Invoice numbering is one of those tedious details that doesn't matter — until the day it does. An auditor asks for invoice 0089 and you can't find it. A client mentions invoice 12 but you sent them 12 last year too. Worth getting right once and not thinking about again.
Why sequential matters
Tax authorities in most countries — IRS, HMRC, CRA, ATO, the EU's VAT directive — assume your invoices are sequentially numbered with no gaps. The reason is simple: if you can skip a number, you can hide an invoice. Sequential numbering is one of the easiest ways to prove you're reporting everything.
In the UK, sequential numbering is explicitly required by HMRC for VAT-registered businesses. In Germany it's required by §14 UStG. In France, your invoicing software has to be certified to comply with anti-fraud rules. Even where it's not legally mandated, it's strongly expected.
So the first rule: never skip a number, never reuse a number, never delete a number without explicitly voiding it.
Four numbering formats people actually use
1. Pure sequential
INV-0001, INV-0002, INV-0003…
The simplest format. Works fine forever. The 4-digit pad means you're good until invoice 9999 — enough for most freelancers' entire careers. If you cross that, the format keeps working with 5 digits (INV-10000).
This is what I use and it's what most freelancers should default to.
2. Year-prefixed
2026-001, 2026-002… then resets to 2027-001 next year.
Common with established businesses and accountants. Easy to glance at an invoice number and know when it's from. Resetting the sequence each year is legally accepted everywhere I know of — the "no skipping" rule applies within each year's sequence.
Downside: requires the discipline to remember to reset every January. If you've sent fewer than 50 invoices a year, this format is overkill — the year is already visible on the date.
3. Client-prefixed
ACME-001, ACME-002… separate sequence per client.
Useful when you have a small number of recurring clients. Each client's sequence makes their accounts payable team's job easier — they can see at a glance which of your invoices they've paid.
Don't use this if you have many one-off clients. The administrative overhead isn't worth it.
4. Date-encoded
20260513-001, 20260513-002… where the date is the invoice date.
Mostly seen in higher-volume operations or specific industries (legal, healthcare). Communicates everything at a glance. Hard to type, hard to say on the phone. Probably overkill for most.

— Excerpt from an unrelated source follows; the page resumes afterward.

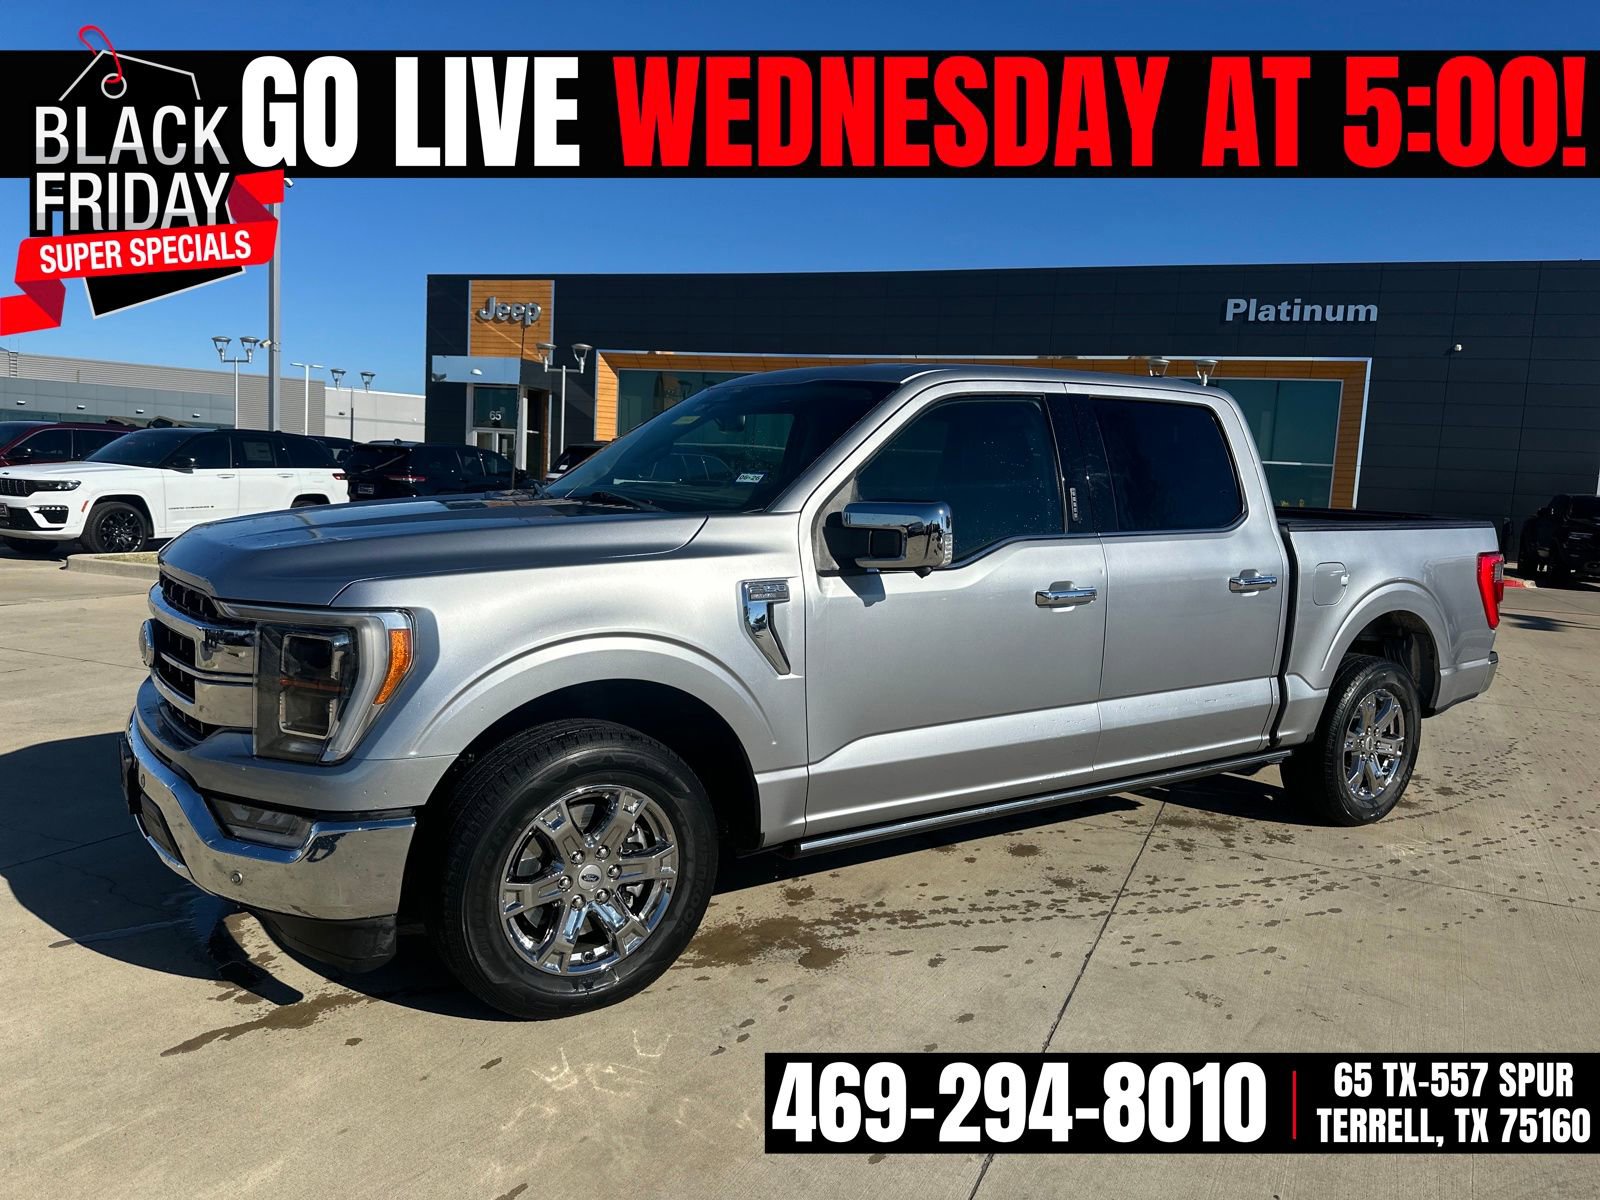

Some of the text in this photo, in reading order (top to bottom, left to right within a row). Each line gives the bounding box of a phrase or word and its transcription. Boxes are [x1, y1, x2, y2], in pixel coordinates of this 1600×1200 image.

[480, 296, 542, 326] Jeep
[1225, 298, 1378, 322] Platinum
[489, 411, 502, 420] 65

Resetting annually — yes or no?
Year-prefixed numbers reset every January 1. Pure sequential numbers never reset. Both are valid.
If you're a freelancer sending fewer than 100 invoices a year, pure sequential is simpler. The dates are right there if you need to know when an invoice was issued.
If you're a small business sending 200+ a year, year-prefixed makes year-end accounting cleaner — "these are the 2026 invoices" is unambiguous.
When you have to void an invoice
Sometimes an invoice goes out wrong — wrong client, wrong amount, wrong date. You don't just delete it; you void it. Three ways to handle this:
1. Issue a credit note. A negative-amount invoice that cancels out the bad one. Both invoices stay in the sequence; the math nets to zero. This is the cleanest method and what accountants prefer.
2. Mark voided. Re-issue the invoice with the same number marked "VOIDED" across it. The number stays in the sequence. Issue a fresh invoice with the next number for the corrected version.
3. Reissue with reference. If you caught it before the client saw it, issue a new invoice with the next number and reference the original: "Replaces INV-0042 (issued in error)."
What you don't do: delete the bad invoice and reuse its number. That looks like fraud in an audit, even if it wasn't.
Multiple businesses, multiple sequences?
If you operate two distinct businesses — say, a freelance practice and an ecommerce store — they should have separate invoice sequences. Same applies if you incorporate later and have a personal sole-prop number history.
Prefix them differently so they're distinguishable: SD-001 for your freelance practice (SaadDev), BO-001 for the store (BookOf). Each prefix has its own unbroken sequence.
What this tool does
The generator auto-increments invoice numbers based on the last one you saved. Click "New" and the number bumps up by one. You can edit it manually if you need to skip ahead or use a custom prefix.
Your number history is stored on your device only — switch devices and your sequence starts fresh. If that matters to you, export a backup from History and import it on the new machine.